La FIFA — Federación Internacional de Fútbol Asociado, máximo ente del fútbol en el mundo — definió las reglas para ser elegible por una selección nacional de fútbol. El jugador puede escoger un equipo por su lugar de origen, por el de sus padres o el de sus abuelos, además del tiempo de residencia en un país que debe ser de al menos cinco años. Por ejemplo, Adnan Januzaj en 2014 tenía chance de jugar en seis selecciones: Bélgica, donde nació; Albania o Kosovo, por sus padres; Serbia o Turquía, por sus abuelos; Inglaterra, por haber vivido ahí cinco años. Así el jugador tiene la oportunidad de representar el país con el que se siente más identificado, con el que tiene vínculos más fuertes o, simplemente, en el que más le convenga por posibilidades de ganar o crecer deportivamente.

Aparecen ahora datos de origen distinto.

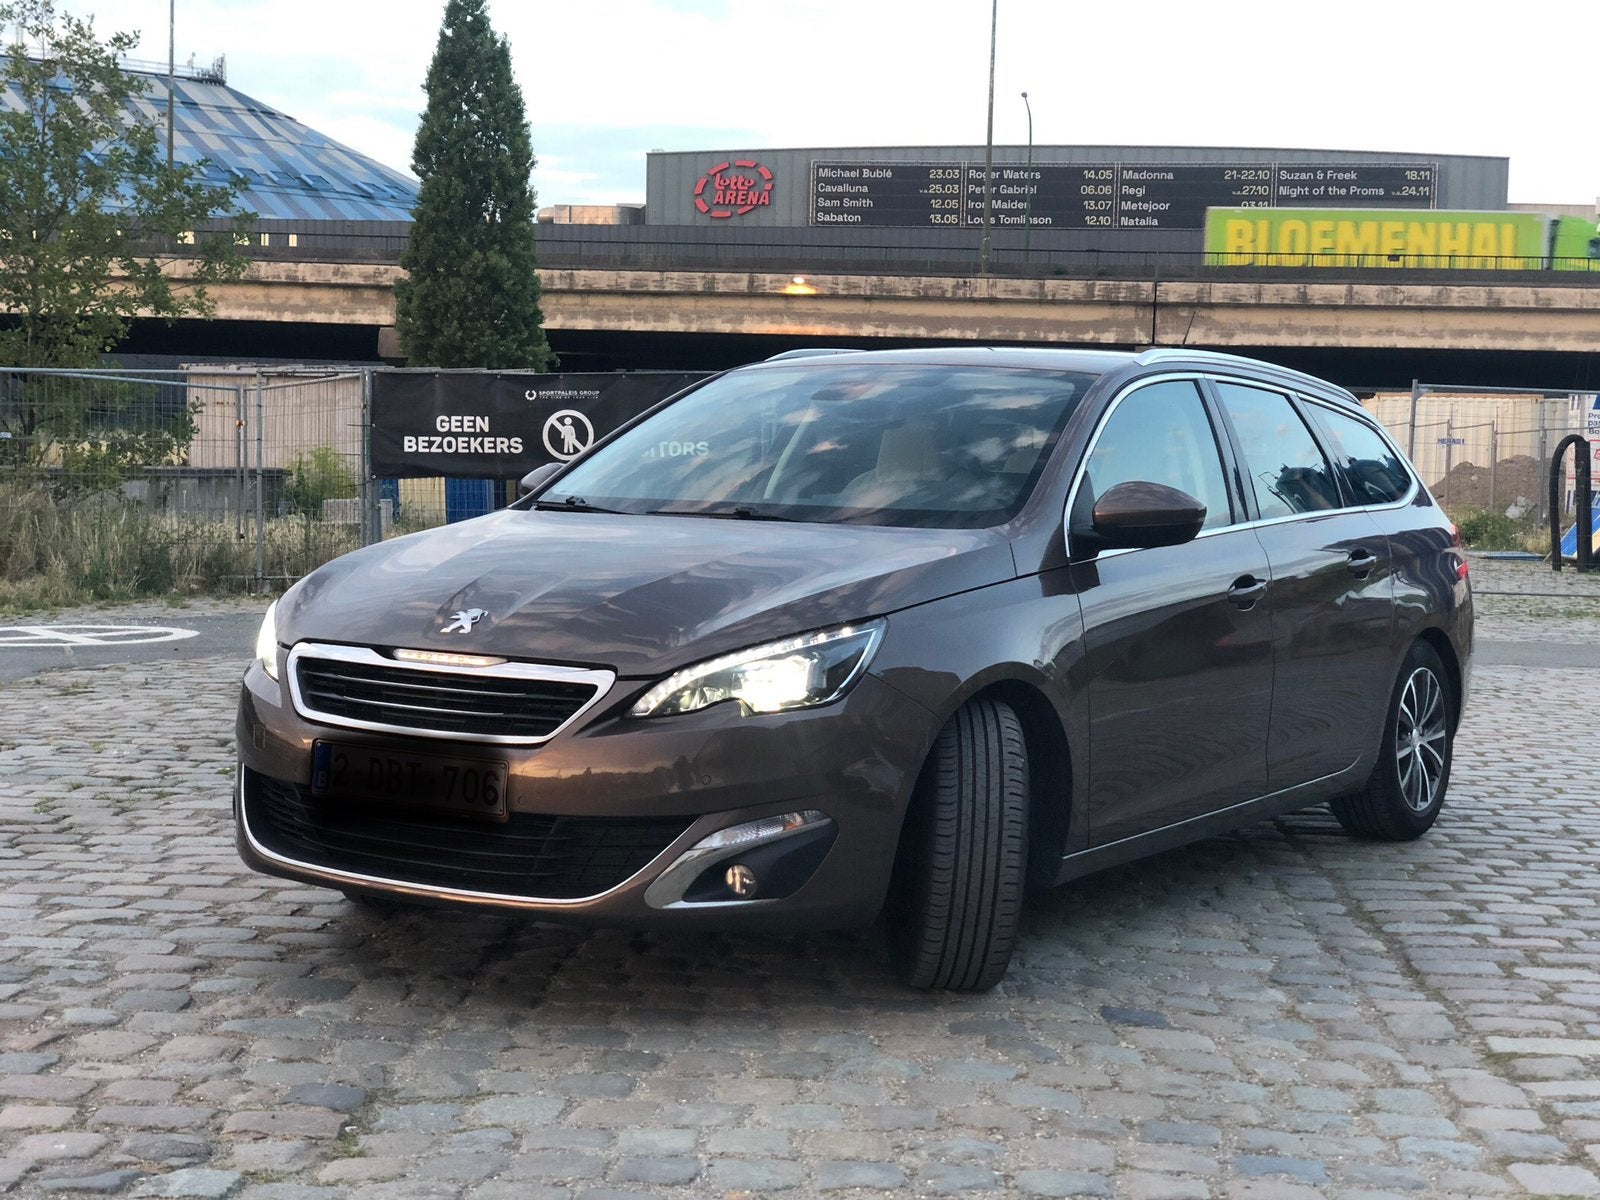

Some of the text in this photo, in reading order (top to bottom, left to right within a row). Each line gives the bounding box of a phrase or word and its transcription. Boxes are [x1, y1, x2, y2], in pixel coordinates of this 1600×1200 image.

Con esas determinaciones establecidas, los racistas y xenófobos franceses van al estadio para ver jugar a su selección nacional y no saben qué sentir: de los 23 jugadores que portaron la camiseta de Francia en el mundial de Rusia 2018, 14 tienen ascendencia africana. A raíz del triunfo mundialista de les bleus, las redes sociales hicieron lo suyo: proliferar un mensaje — lastimosamente uno de odio — que rezaba: “no ganó Francia, ganó África”. Después, una imagen de los 14 jugadores, sus nombres y el origen africano de sus padres, como diciendo que este no es francés, es marfileño; este otro tampoco es francés, es camerunés; este es congoleño, el otro de Malí y aquel de Argelia. Mejor dicho, son de allá, no de acá. Desmeritar el triunfo es lo de menos, lo grave es que el mensaje viajó por todo el planeta y demostró, no tan sorpresivamente, que racistas hay en todos lados.

Los mensajes de odio suelen estar construidos de manera fragmentada, así quienes los viralizan pueden hacerlo tranquilamente sin darse por enterados de que están haciendo el ridículo. Se quedaron con el dato de que 14 tienen ascendencia africana e ignoraron que solo dos son nacidos en África mientras los otros 12 nacieron en territorio francés. Son tan franceses como ellos, pero tienen la piel negra. Es así como el racismo en el fútbol se vuelve una cuestión de conveniencia, donde solo ganando los jugadores hacen que se les olvide a algunos de dónde son sus padres o su color de piel. Francia es el ejemplo, pero pasa en todos lados. Mesut Özil representaba a Alemania, pero tiene padres turcos. Decidió no ir a jugar más con los germanos a pesar de haber sido campeón del mundo con ellos por una cuestión de dignidad: “Soy alemán cuando ganamos e inmigrante cuando perdemos”.

A esos ignorantes franceses hizo falta explicarles que uno de los mejores jugadores de la historia, fundamental para que ganaran su primer campeonato mundial, un tal Zinedine Zidane, es de origen argelino. A esos ignorantes europeos hizo falta explicarles que el mapa africano en su división territorial se ve como trazado por una regla porque entre europeos se repartieron el territorio como si estuvieran repartiendo pastel y, aunque no les guste, eso les da la posibilidad a los africanos de ser inmigrantes en el país que hace años los esclavizó. A esos ignorantes llamados racistas y xenófobos hizo falta explicarles que el fútbol no es solo el deporte del pueblo: es el deporte de todos los pueblos.